Sa présence honnie auprès du roi va provoquer une poussée janséniste et le mouvement va devenir la bête noire d'un Louis XIV prêt à tout pour plaire à son ambitieuse favorite... Plus que jamais, les opposants à l'absolutisme dénoncent ce pouvoir sans partage qui risque d'échouer dans les mains de cette femme de peu de vertu. La guerre entre la favorite et les dévots fera rage jusqu'à la disgrâce de la belle Athénaïs... L'affaire des poisons et ses relents sataniques seront aussi un événement majeur de ce bras-de-fer d'une violence inouïe.

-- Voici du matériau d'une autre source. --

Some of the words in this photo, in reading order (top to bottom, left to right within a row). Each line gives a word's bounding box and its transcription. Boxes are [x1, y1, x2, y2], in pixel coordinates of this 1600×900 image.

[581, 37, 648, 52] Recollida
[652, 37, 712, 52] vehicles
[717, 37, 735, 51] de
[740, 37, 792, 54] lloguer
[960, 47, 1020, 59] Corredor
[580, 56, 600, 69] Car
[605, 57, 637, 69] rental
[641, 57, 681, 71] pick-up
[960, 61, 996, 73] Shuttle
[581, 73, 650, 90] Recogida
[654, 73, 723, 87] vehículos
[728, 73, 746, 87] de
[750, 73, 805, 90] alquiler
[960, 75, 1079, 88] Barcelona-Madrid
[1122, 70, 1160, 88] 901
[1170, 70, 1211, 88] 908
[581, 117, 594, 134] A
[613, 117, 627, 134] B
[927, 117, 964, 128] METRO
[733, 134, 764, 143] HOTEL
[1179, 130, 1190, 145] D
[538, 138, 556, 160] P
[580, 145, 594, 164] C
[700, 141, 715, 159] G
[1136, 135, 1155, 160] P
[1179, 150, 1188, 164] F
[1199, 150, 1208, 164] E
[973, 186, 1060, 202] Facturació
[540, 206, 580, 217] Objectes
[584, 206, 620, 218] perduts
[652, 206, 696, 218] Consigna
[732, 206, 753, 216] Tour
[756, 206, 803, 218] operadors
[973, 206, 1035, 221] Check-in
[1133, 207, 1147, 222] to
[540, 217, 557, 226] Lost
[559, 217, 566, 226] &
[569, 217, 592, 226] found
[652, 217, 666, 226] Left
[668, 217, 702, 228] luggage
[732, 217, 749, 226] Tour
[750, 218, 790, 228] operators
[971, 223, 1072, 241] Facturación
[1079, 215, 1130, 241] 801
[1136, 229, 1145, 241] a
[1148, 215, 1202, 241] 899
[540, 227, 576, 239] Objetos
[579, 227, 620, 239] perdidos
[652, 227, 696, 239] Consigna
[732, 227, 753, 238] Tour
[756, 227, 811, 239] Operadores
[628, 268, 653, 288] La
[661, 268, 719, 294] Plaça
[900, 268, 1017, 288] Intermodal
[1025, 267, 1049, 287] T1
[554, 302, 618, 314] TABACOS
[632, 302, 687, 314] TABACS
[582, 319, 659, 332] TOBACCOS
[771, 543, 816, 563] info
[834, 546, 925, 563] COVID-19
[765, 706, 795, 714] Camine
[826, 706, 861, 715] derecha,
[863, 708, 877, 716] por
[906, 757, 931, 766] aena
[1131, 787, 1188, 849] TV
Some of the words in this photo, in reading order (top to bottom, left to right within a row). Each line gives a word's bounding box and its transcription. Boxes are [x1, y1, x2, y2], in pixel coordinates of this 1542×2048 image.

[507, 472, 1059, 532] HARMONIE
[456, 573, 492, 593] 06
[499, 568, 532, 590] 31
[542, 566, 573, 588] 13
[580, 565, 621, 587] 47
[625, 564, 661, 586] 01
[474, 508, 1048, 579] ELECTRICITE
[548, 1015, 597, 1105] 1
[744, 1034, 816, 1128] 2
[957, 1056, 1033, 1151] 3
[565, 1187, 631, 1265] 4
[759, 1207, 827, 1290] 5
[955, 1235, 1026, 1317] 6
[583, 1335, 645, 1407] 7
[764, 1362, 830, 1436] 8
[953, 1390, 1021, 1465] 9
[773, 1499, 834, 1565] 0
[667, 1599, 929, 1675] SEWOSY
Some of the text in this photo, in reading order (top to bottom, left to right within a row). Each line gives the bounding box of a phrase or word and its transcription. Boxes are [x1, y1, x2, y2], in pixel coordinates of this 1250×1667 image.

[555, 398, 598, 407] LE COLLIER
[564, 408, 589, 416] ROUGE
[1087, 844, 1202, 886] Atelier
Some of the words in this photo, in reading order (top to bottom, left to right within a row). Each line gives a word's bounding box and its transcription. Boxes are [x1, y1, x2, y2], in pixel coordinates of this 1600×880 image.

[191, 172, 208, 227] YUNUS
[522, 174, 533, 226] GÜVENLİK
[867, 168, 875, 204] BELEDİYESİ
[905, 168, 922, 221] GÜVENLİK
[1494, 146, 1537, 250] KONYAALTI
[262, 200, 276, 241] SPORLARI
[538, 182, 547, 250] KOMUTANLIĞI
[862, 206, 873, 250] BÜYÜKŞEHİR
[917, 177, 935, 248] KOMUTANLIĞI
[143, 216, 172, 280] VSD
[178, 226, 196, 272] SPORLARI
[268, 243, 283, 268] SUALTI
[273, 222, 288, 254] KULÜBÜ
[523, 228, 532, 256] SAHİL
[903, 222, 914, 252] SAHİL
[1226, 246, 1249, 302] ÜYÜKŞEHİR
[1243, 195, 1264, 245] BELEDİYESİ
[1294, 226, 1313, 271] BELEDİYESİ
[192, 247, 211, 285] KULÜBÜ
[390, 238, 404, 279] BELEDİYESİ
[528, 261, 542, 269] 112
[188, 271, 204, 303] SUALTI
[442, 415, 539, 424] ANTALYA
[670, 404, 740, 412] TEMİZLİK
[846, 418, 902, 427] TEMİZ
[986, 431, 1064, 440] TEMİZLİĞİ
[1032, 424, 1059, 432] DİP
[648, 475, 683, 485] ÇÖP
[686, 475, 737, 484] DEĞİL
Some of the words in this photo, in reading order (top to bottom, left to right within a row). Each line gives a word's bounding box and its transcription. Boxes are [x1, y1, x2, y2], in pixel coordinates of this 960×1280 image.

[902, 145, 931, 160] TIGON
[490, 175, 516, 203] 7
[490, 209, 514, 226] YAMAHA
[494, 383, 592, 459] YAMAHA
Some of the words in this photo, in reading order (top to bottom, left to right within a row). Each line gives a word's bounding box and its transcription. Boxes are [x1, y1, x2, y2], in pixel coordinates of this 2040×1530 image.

Anne-Sophie est témoin de tous ces changements, de toutes ces luttes souterraines qui agitent la Cour et alimentent les conversations dans les salons qu'elle fréquente. Comme elle sera témoin, à la chute de la Montespan, du revirement à 180° du Roi en matière religieuse... Louis XIV, frivole et coureur, devient d'un seul coup un homme pieu et concerné par la religion et la morale.

Sa nouvelle favorite, Madame de Maintenon, est pour beaucoup dans ce retour vers Dieu du monarque. C'est vers elle que tous les regards se tournent, désormais, c'est dans ses bonnes grâces qu'il faut entrer. Et le mouvement perpétuel des courtisans reprend, dans une ambiance sensiblement différente, tant la personnalité de la nouvelle favorite s'oppose à la précédente... Et le Roi a mûri...

Nous allons revenir à Versailles, mais un troisième important courant religieux, celui qui est même le plus présent dans le roman, reste à présenter. C'est Viviane qui y sera la première confrontée, mais bientôt, ce sont les deux cousines qui suivront les aventures, j'ai du mal à trouver un autre mot, d'un incroyable personnage : Jeanne Guyon.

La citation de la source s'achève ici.